::: MATERIAL SUPPLIED

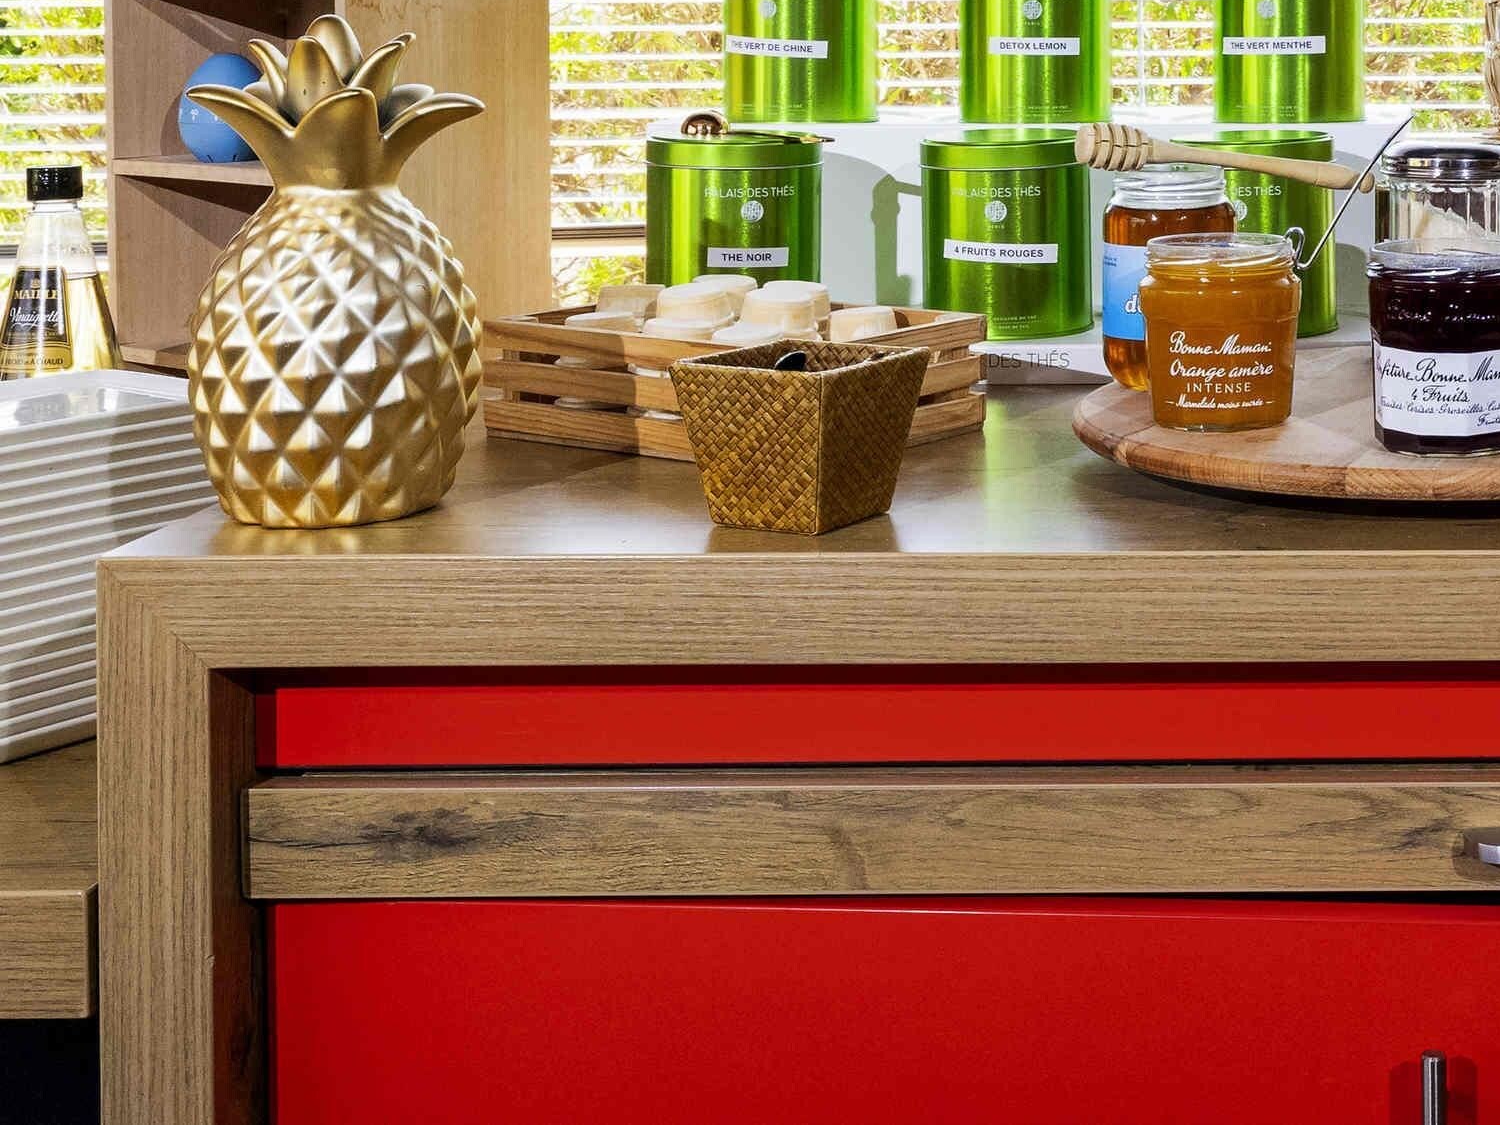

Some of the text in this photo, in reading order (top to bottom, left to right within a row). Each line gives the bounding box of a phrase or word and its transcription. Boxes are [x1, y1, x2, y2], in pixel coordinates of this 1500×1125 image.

[745, 42, 766, 51] VERT
[767, 43, 781, 52] DE
[783, 44, 813, 53] CHINE
[1000, 41, 1067, 50] DETOX LEMON
[1231, 40, 1312, 50] THE VERT MENTHE
[704, 184, 795, 198] PALAIS DES THÉS
[990, 186, 1012, 198] DES
[1014, 184, 1041, 197] THÉS
[1254, 185, 1282, 197] THÉS
[722, 253, 772, 262] THE NOIR
[954, 246, 1044, 258] 4 FRUITS ROUGES
[1169, 330, 1213, 355] Bonne
[988, 349, 1070, 368] DES THÉS
[1170, 358, 1274, 382] Orange amère
[1415, 357, 1467, 382] Bonne
[1186, 382, 1252, 393] INTENSE
[1410, 384, 1471, 403] 4 Fruits
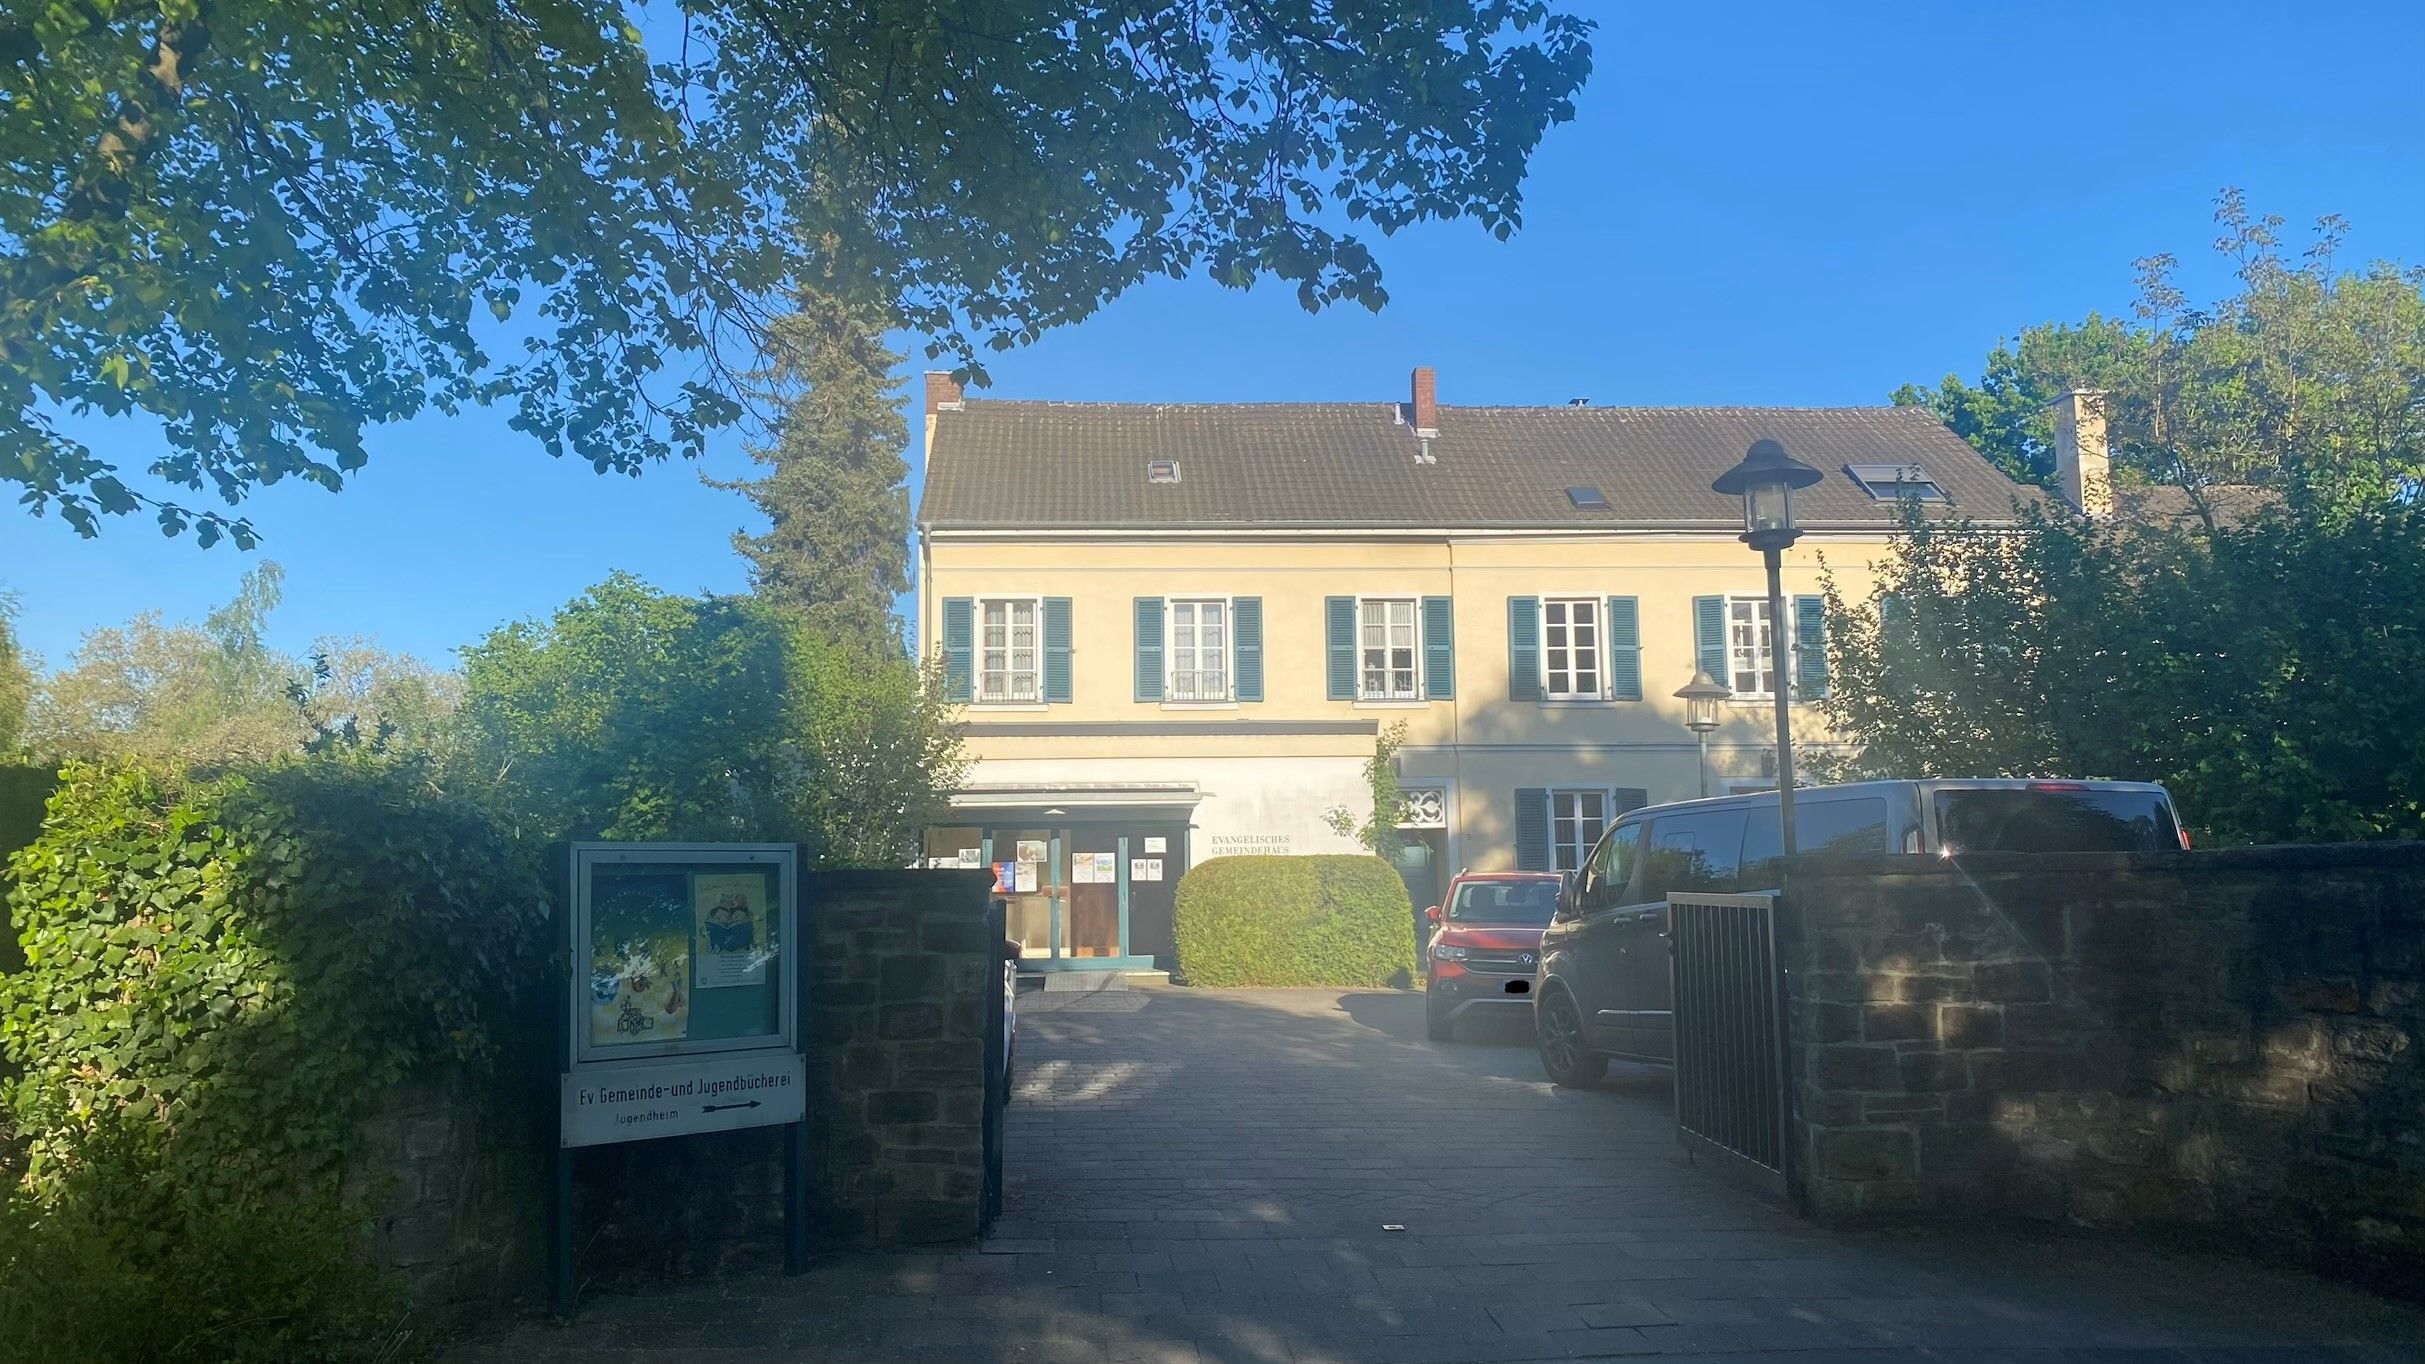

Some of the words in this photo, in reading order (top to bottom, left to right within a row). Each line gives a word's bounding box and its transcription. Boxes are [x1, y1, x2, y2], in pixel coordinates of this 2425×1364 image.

[1212, 835, 1290, 844] EVANGELISCHES
[1211, 846, 1289, 855] GEMEINDEHAUS
[698, 1071, 791, 1098] Jugendbücherei
[614, 1110, 679, 1126] Jugendheim
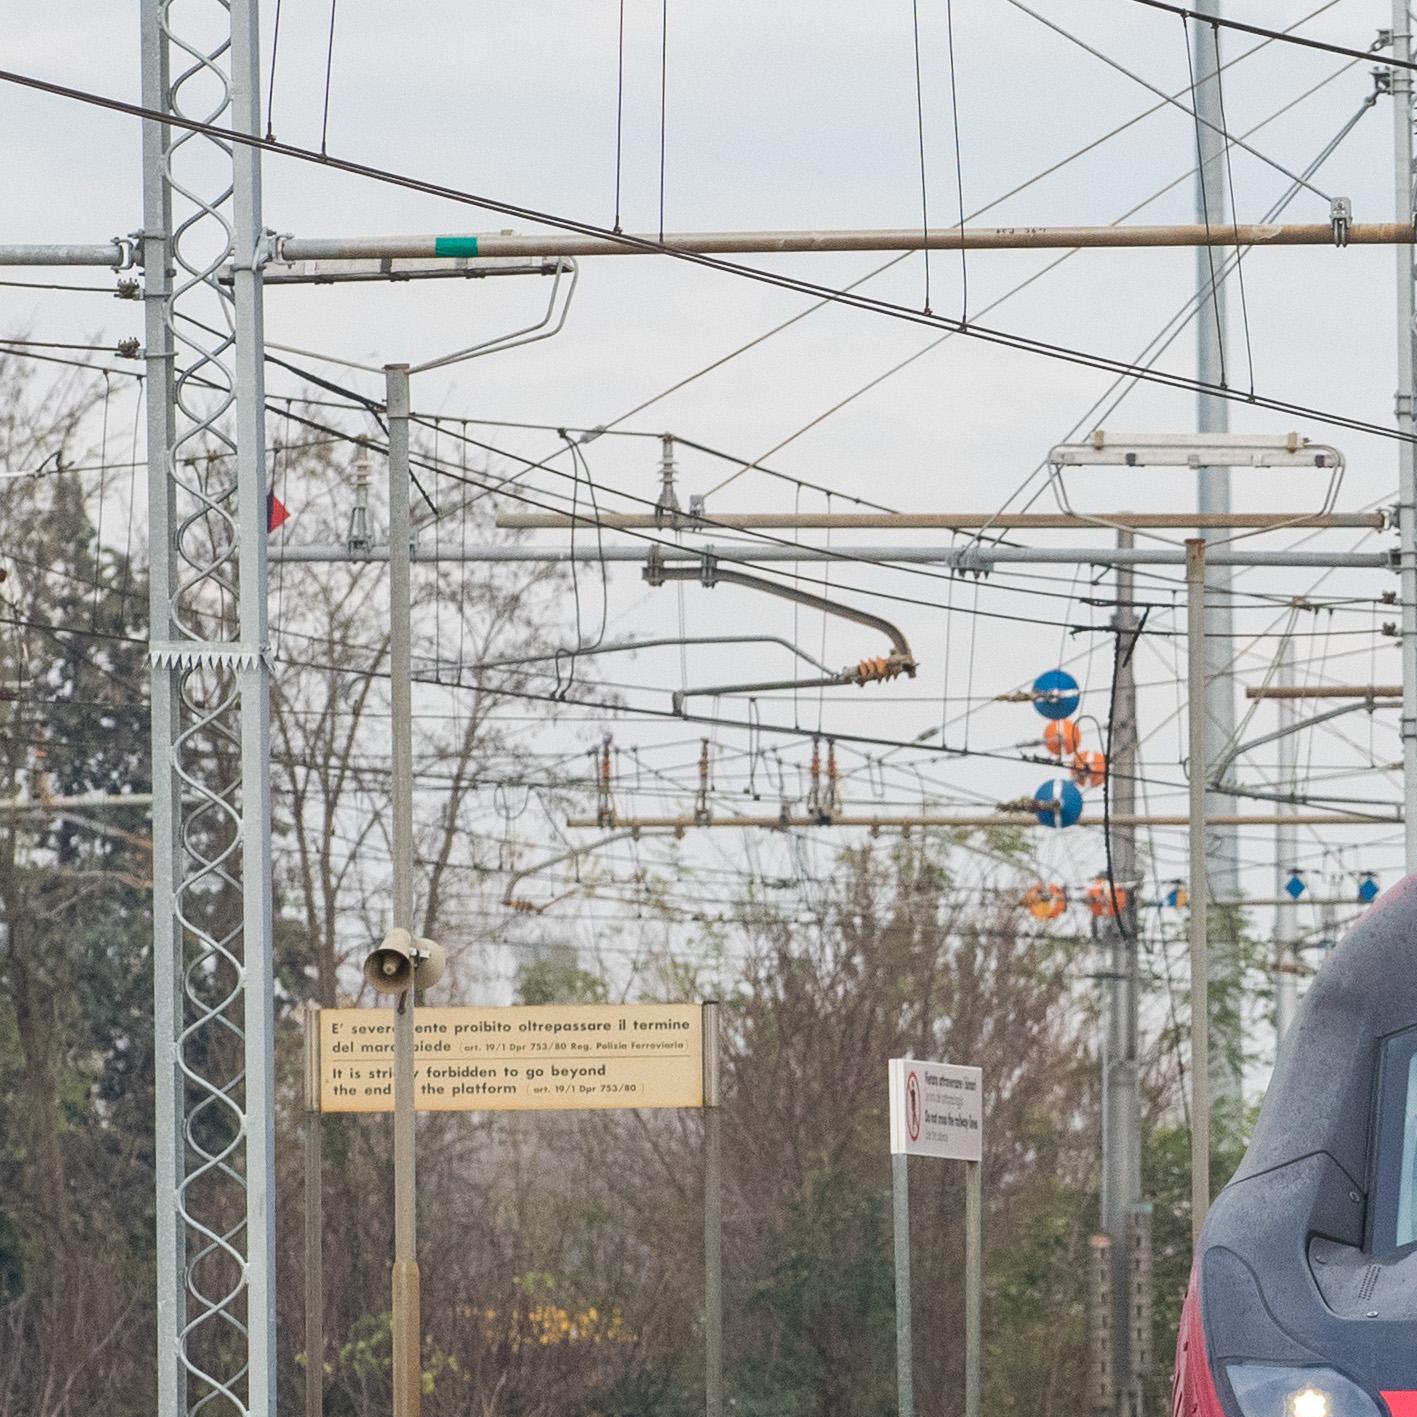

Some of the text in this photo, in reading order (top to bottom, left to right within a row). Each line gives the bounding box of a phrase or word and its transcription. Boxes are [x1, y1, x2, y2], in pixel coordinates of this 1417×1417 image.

::::::

[WHAT YOU WILL DO]
Leave every picture out and return exactly the lines from the one holding "Some of the words" through the end of the records above, both ends included, and nothing more.

[RESPONSE FOR THIS EXERCISE]
Some of the words in this photo, in reading order (top to bottom, left to right within a row). Each line gives a word's bounding box and its transcription. Boxes are [x1, y1, x2, y2], in pixel coordinates of this 2425×1364 image.

[1212, 835, 1290, 844] EVANGELISCHES
[1211, 846, 1289, 855] GEMEINDEHAUS
[698, 1071, 791, 1098] Jugendbücherei
[614, 1110, 679, 1126] Jugendheim

Some of the text in this photo, in reading order (top to bottom, left to right within a row). Each line gives the bounding box of a phrase or word and its transcription. Boxes are [x1, y1, x2, y2], in pixel coordinates of this 1417×1417 image.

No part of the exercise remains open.